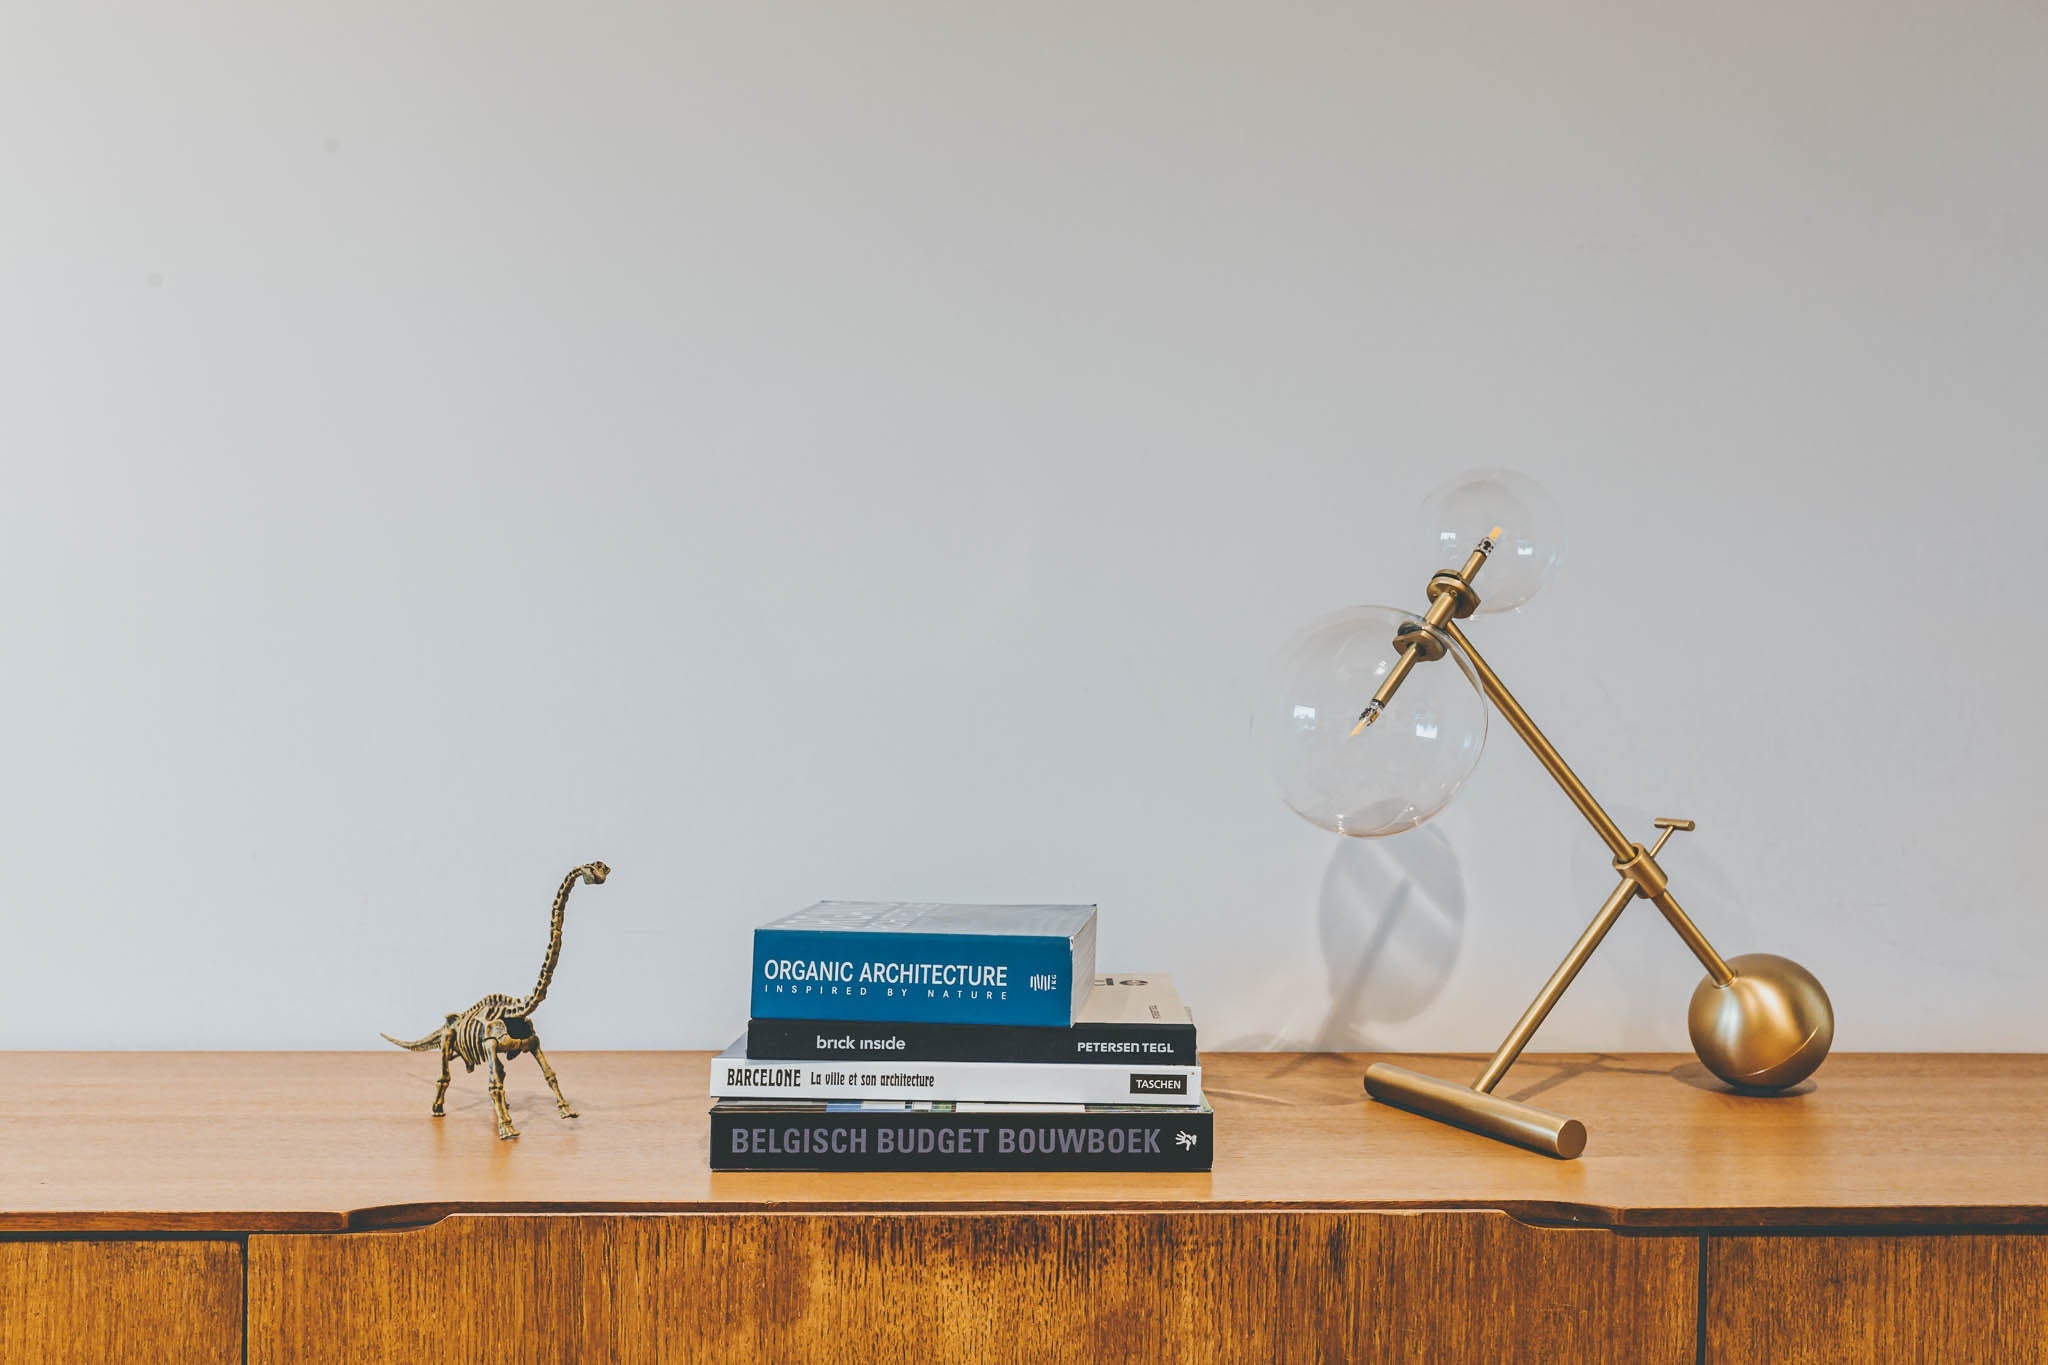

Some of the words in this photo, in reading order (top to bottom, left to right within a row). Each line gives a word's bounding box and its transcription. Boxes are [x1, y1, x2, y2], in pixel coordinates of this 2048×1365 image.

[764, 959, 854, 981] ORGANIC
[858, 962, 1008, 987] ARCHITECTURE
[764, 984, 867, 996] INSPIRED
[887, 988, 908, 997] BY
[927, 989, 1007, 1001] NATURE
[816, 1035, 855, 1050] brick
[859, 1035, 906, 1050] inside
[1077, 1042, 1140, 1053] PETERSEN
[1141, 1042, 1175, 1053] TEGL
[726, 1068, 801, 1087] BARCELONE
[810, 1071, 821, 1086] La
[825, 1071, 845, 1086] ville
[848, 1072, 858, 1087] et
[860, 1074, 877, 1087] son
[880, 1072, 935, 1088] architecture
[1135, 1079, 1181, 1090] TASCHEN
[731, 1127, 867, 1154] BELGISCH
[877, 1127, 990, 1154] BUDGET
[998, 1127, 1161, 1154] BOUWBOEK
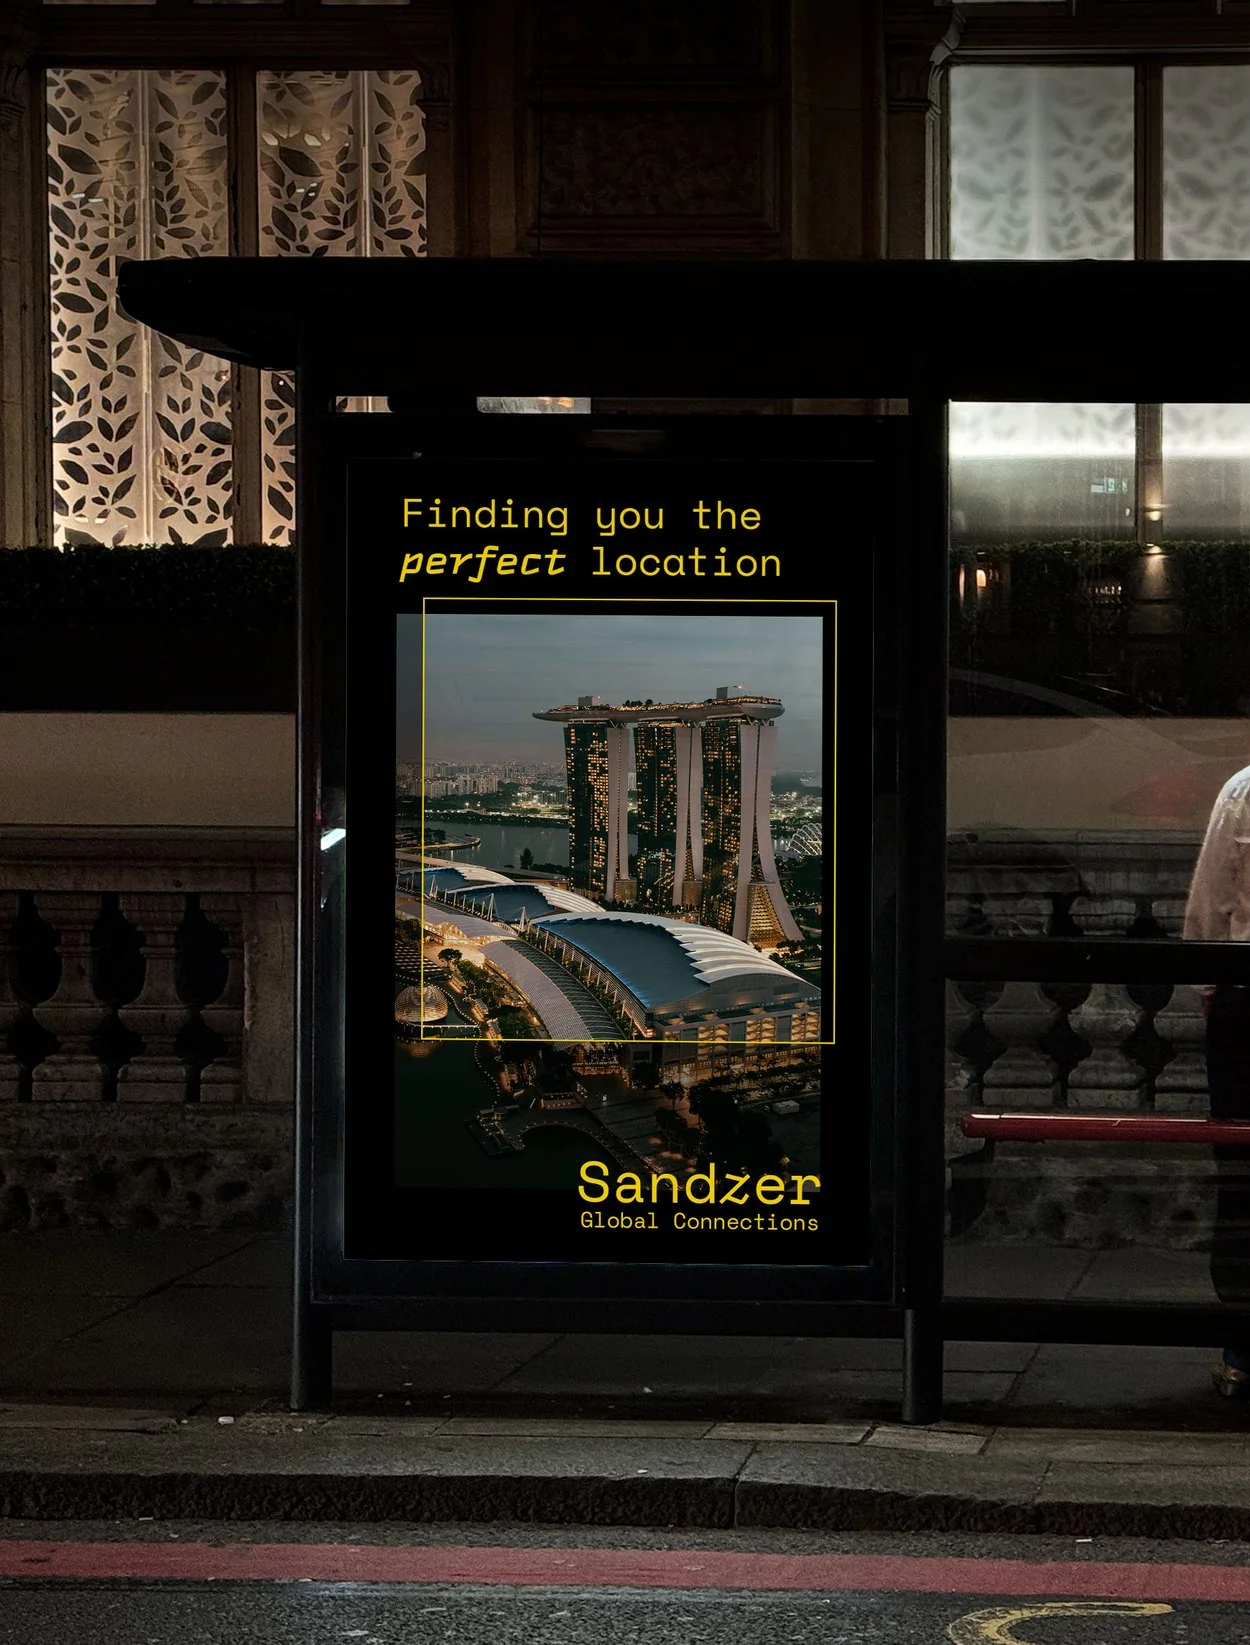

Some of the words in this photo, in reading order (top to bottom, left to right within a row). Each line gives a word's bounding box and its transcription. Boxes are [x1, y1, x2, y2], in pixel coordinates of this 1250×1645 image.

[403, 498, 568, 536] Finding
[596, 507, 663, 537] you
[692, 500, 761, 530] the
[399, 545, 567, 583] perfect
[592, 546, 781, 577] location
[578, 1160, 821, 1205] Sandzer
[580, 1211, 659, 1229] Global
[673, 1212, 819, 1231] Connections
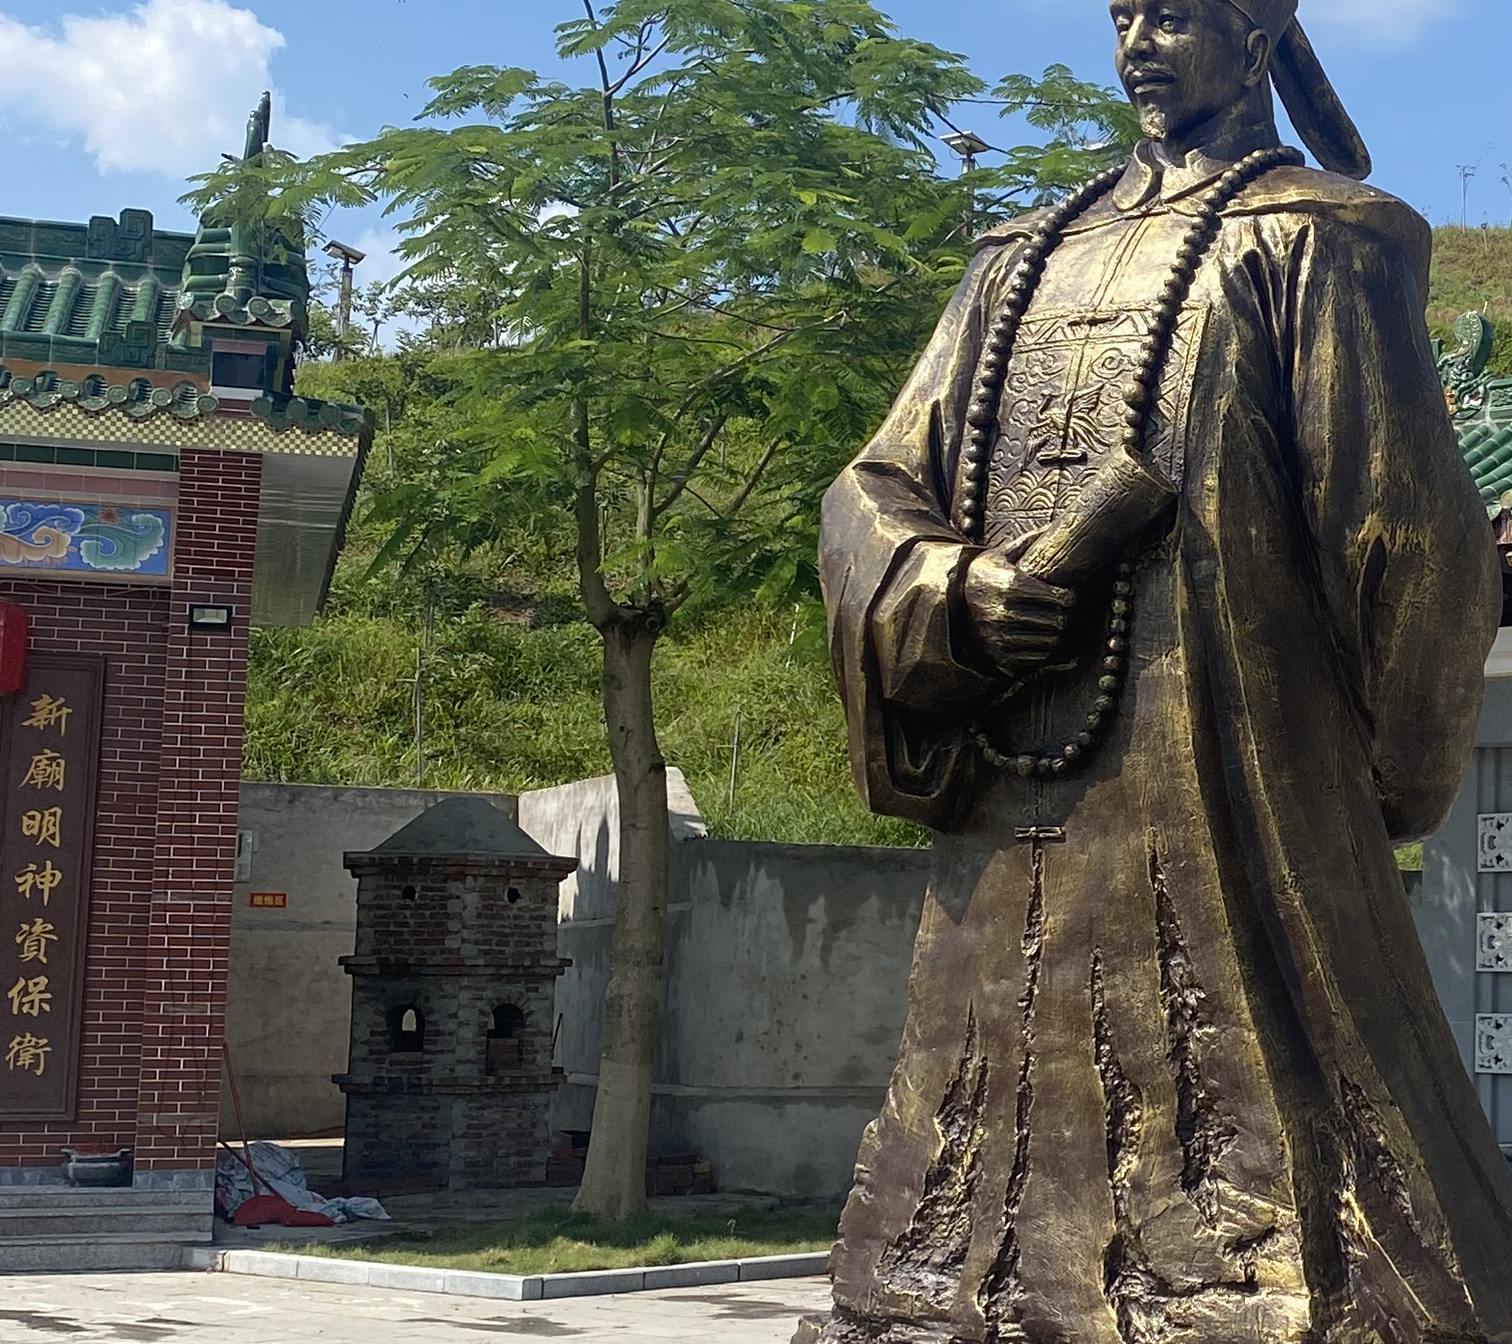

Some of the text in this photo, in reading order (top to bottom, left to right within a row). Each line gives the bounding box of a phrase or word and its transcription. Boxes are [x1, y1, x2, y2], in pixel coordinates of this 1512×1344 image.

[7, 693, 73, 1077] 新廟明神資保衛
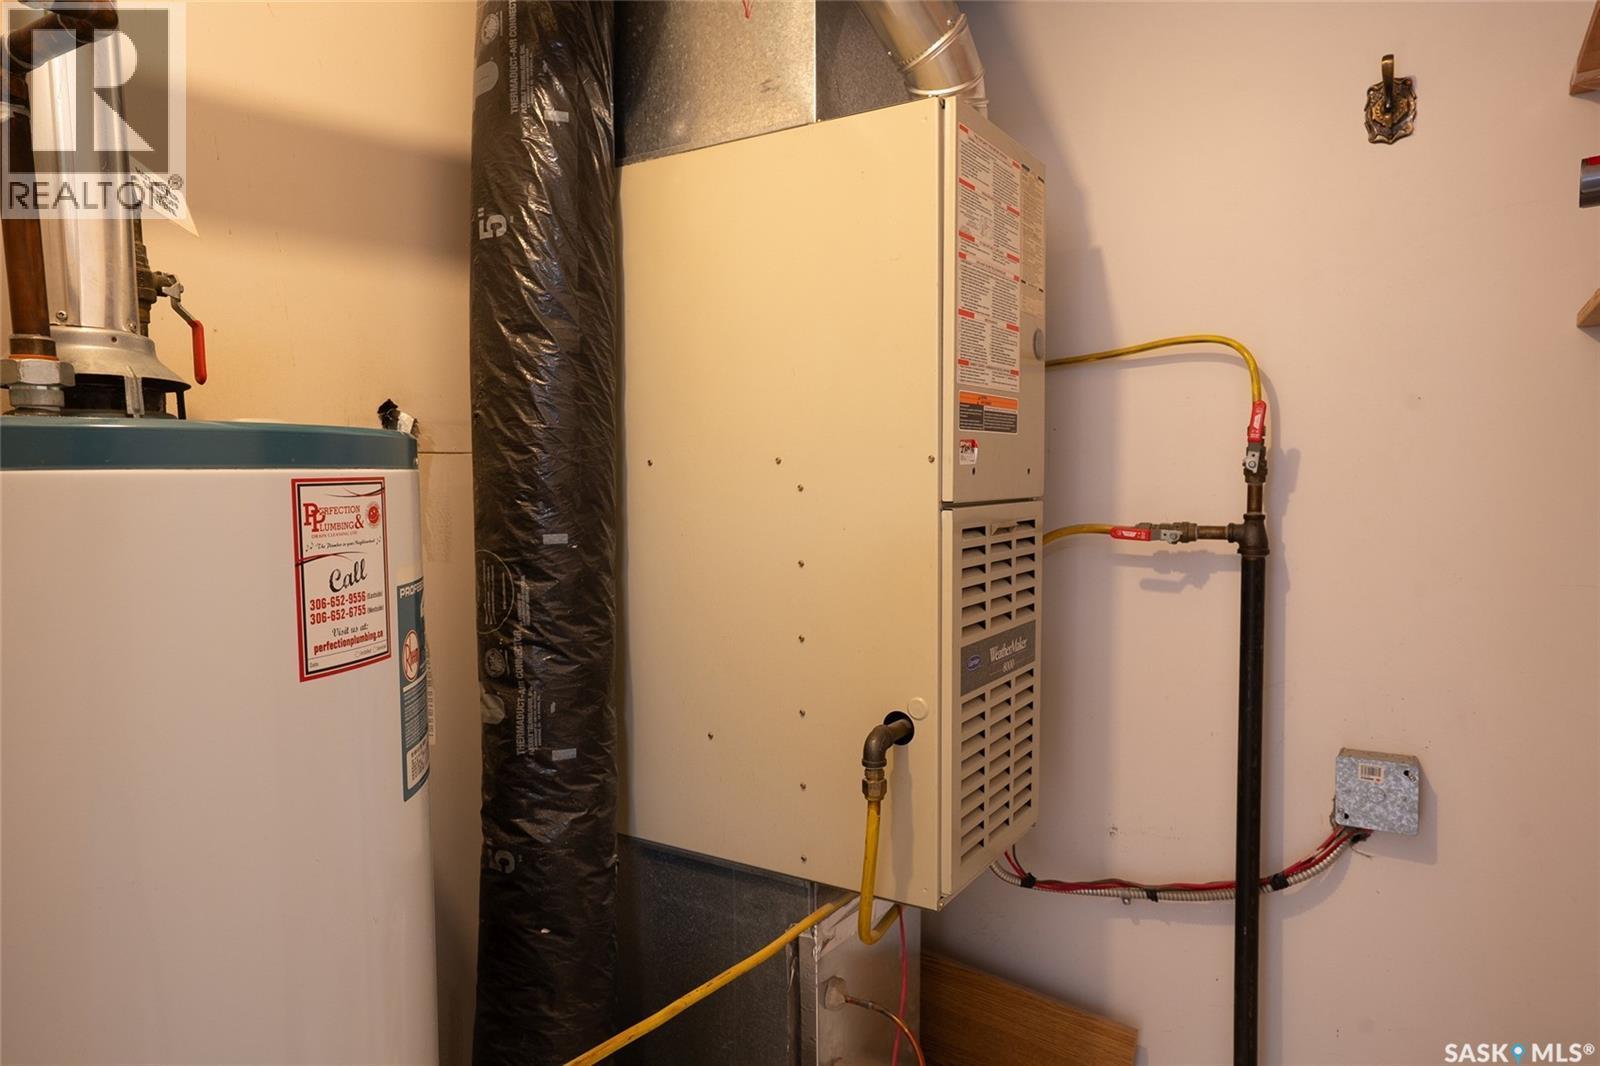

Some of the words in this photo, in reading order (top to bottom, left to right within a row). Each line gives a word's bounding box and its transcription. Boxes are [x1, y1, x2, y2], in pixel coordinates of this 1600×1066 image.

━━━━━━

▸ **Task item**:
Write out the data above exactly as it appears, but without any image.

▸ **Reply to the task**:
Some of the words in this photo, in reading order (top to bottom, left to right within a row). Each line gives a word's bounding box and its transcription. Boxes are [x1, y1, x2, y2], in pixel coordinates of this 2048×1365 image.

[764, 959, 854, 981] ORGANIC
[858, 962, 1008, 987] ARCHITECTURE
[764, 984, 867, 996] INSPIRED
[887, 988, 908, 997] BY
[927, 989, 1007, 1001] NATURE
[816, 1035, 855, 1050] brick
[859, 1035, 906, 1050] inside
[1077, 1042, 1140, 1053] PETERSEN
[1141, 1042, 1175, 1053] TEGL
[726, 1068, 801, 1087] BARCELONE
[810, 1071, 821, 1086] La
[825, 1071, 845, 1086] ville
[848, 1072, 858, 1087] et
[860, 1074, 877, 1087] son
[880, 1072, 935, 1088] architecture
[1135, 1079, 1181, 1090] TASCHEN
[731, 1127, 867, 1154] BELGISCH
[877, 1127, 990, 1154] BUDGET
[998, 1127, 1161, 1154] BOUWBOEK

Some of the words in this photo, in reading order (top to bottom, left to right within a row). Each line gives a word's bounding box and its transcription. Boxes are [x1, y1, x2, y2], in pixel coordinates of this 1250×1645 image.

[403, 498, 568, 536] Finding
[596, 507, 663, 537] you
[692, 500, 761, 530] the
[399, 545, 567, 583] perfect
[592, 546, 781, 577] location
[578, 1160, 821, 1205] Sandzer
[580, 1211, 659, 1229] Global
[673, 1212, 819, 1231] Connections

Some of the text in this photo, in reading order (top to bottom, left to right within a row). Each line gives the bounding box of a phrase or word and its transcription. Boxes are [x1, y1, x2, y2], in pixel coordinates of this 1512×1344 image.

[7, 693, 73, 1077] 新廟明神資保衛

Some of the words in this photo, in reading order (top to bottom, left to right within a row). Each line gives a word's bounding box and its transcription. Boxes are [x1, y1, x2, y2], in pixel coordinates of this 1600×1066 image.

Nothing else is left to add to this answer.